§ Work instruction: Every entry below must be retyped exactly, and the pictures must be left out.

§ Available data:
•••

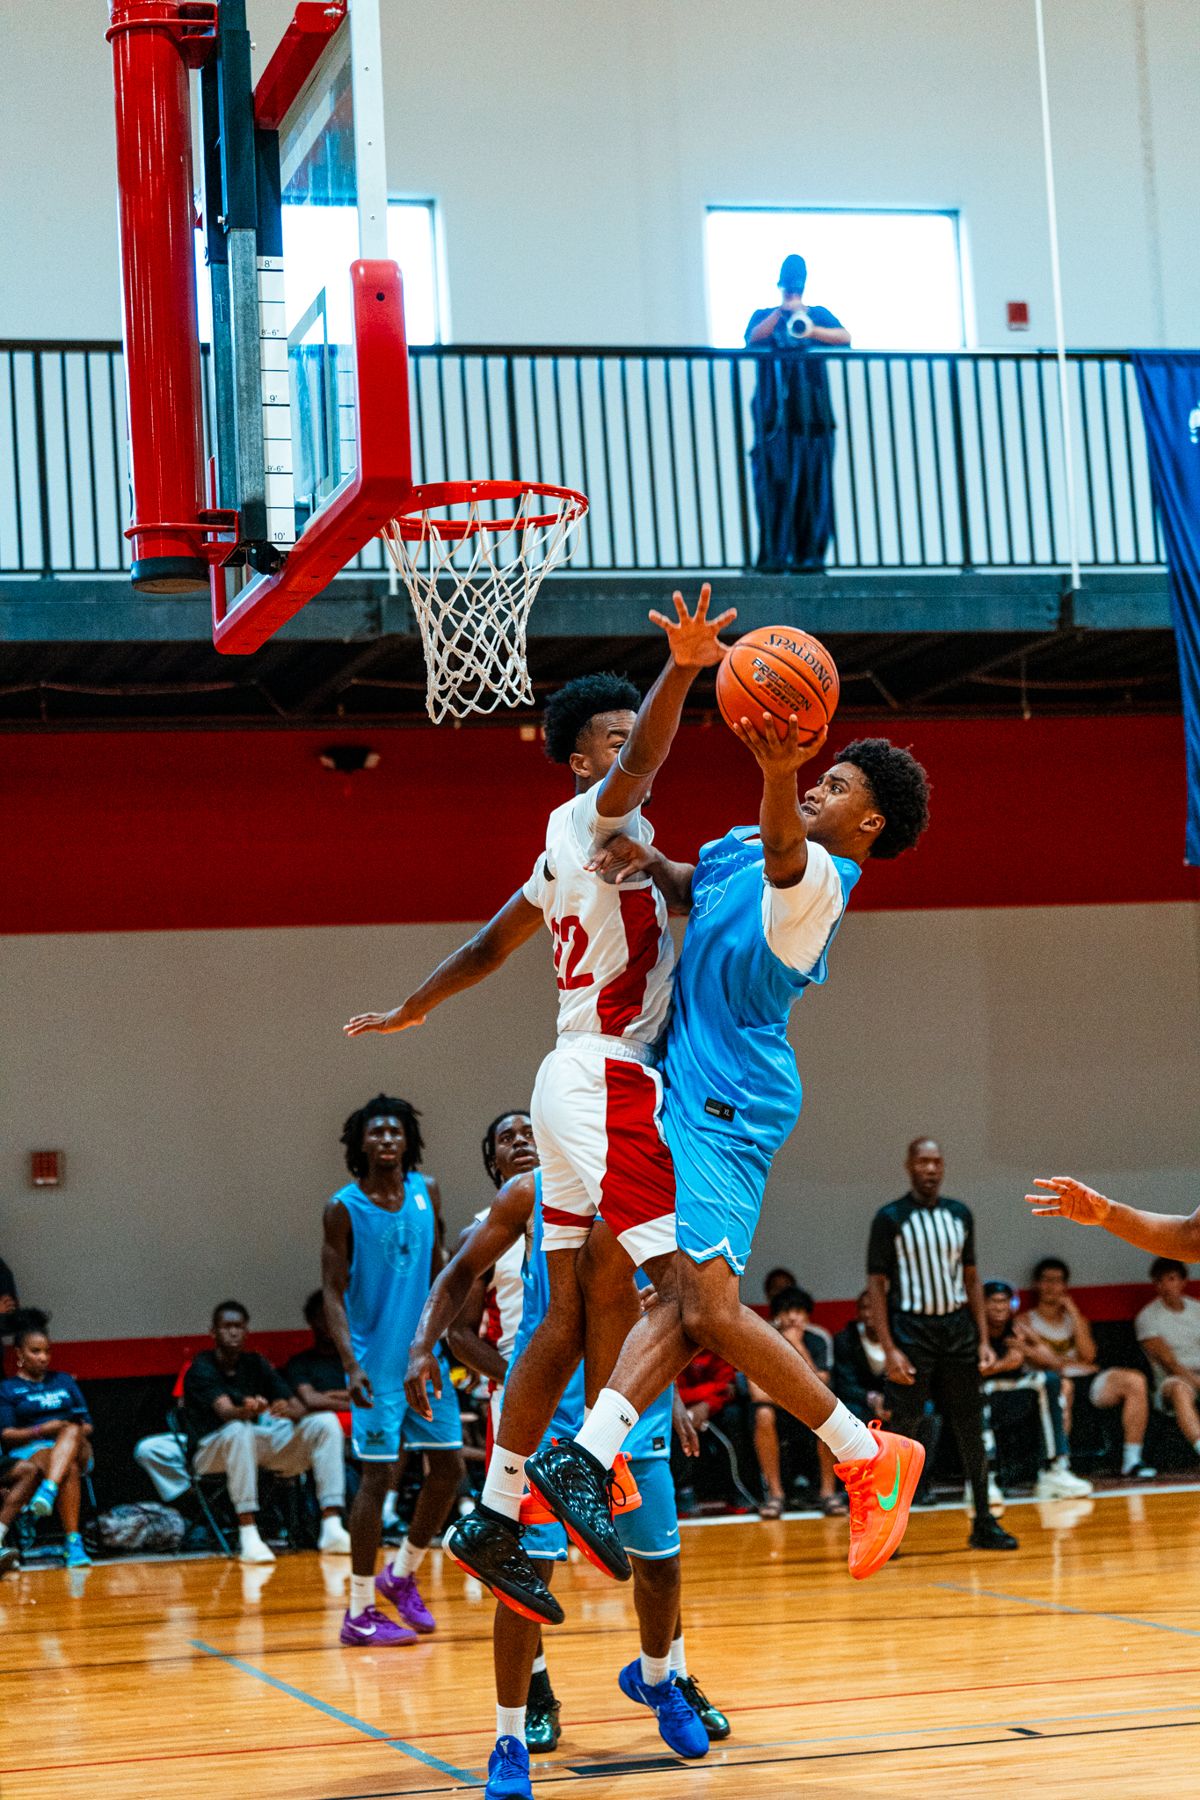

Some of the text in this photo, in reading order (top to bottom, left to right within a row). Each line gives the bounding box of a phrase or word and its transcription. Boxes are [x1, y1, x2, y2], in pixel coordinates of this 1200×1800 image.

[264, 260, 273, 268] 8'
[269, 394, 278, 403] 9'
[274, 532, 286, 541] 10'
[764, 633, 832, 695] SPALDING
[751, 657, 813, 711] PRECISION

•••

§ Solution for this task:
Some of the text in this photo, in reading order (top to bottom, left to right within a row). Each line gives the bounding box of a phrase or word and its transcription. Boxes are [x1, y1, x2, y2], in pixel coordinates of this 1200×1800 image.

[264, 260, 273, 268] 8'
[269, 394, 278, 403] 9'
[274, 532, 286, 541] 10'
[764, 633, 832, 695] SPALDING
[751, 657, 813, 711] PRECISION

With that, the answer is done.